Tekst: Robert Oosterbroek, DUIC
Als je komt aanlopen bij het Hof van Cartesius aan de Vlampijpstraat lijken de gebouwen gemaakt te zijn van bij elkaar geraapte oude spullen. Dat is ook zo. Het lijkt misschien of er niet over is nagedacht, maar het juist innovatief en de toekomst van de bouw – ook wel bekend als circulair bouwen. Een ander voorbeeld van deze vorm van bouwen, maar met een heel andere uitstraling, is The Green House aan de Croeselaan. De initiatieven tonen hoe ver waardebehoud in de bouw kan worden doorgevoerd door zo min mogelijk materialen te produceren of weg te gooien; zo blijft zero waste over.

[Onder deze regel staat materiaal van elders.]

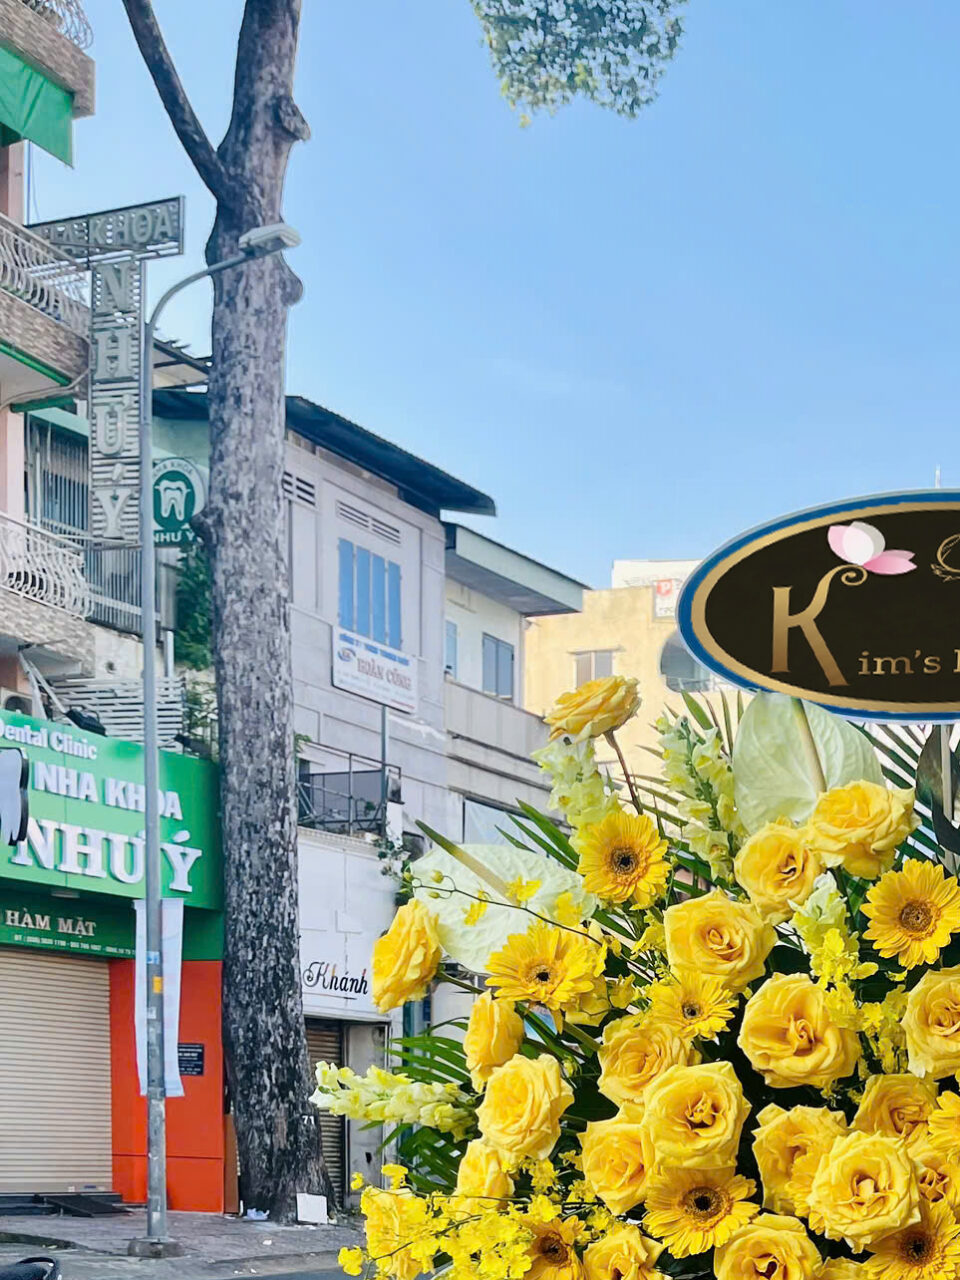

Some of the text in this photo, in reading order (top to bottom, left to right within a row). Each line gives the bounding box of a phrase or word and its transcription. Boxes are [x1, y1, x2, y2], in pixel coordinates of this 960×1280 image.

Horecazaak The Green House en werkplekverhuurder Hof van Cartesius zijn twee totaal verschillende plekken, maar hebben wel iets gemeen. Beide initiatieven zijn gebouwd vanuit een circulaire gedachte: als het al nodig is om materialen te gebruiken dan moet hergebruik de standaard zijn. Grondstoffen voor bouwmaterialen zijn namelijk schaars. Bovendien vormt het afval die bij de bouw en sloop vrijkomt een grote aanslag op het milieu. Daarom moet er volgens de betrokkenen nagedacht worden over een andere manier van werken in de bouw om een duurzame stad te maken.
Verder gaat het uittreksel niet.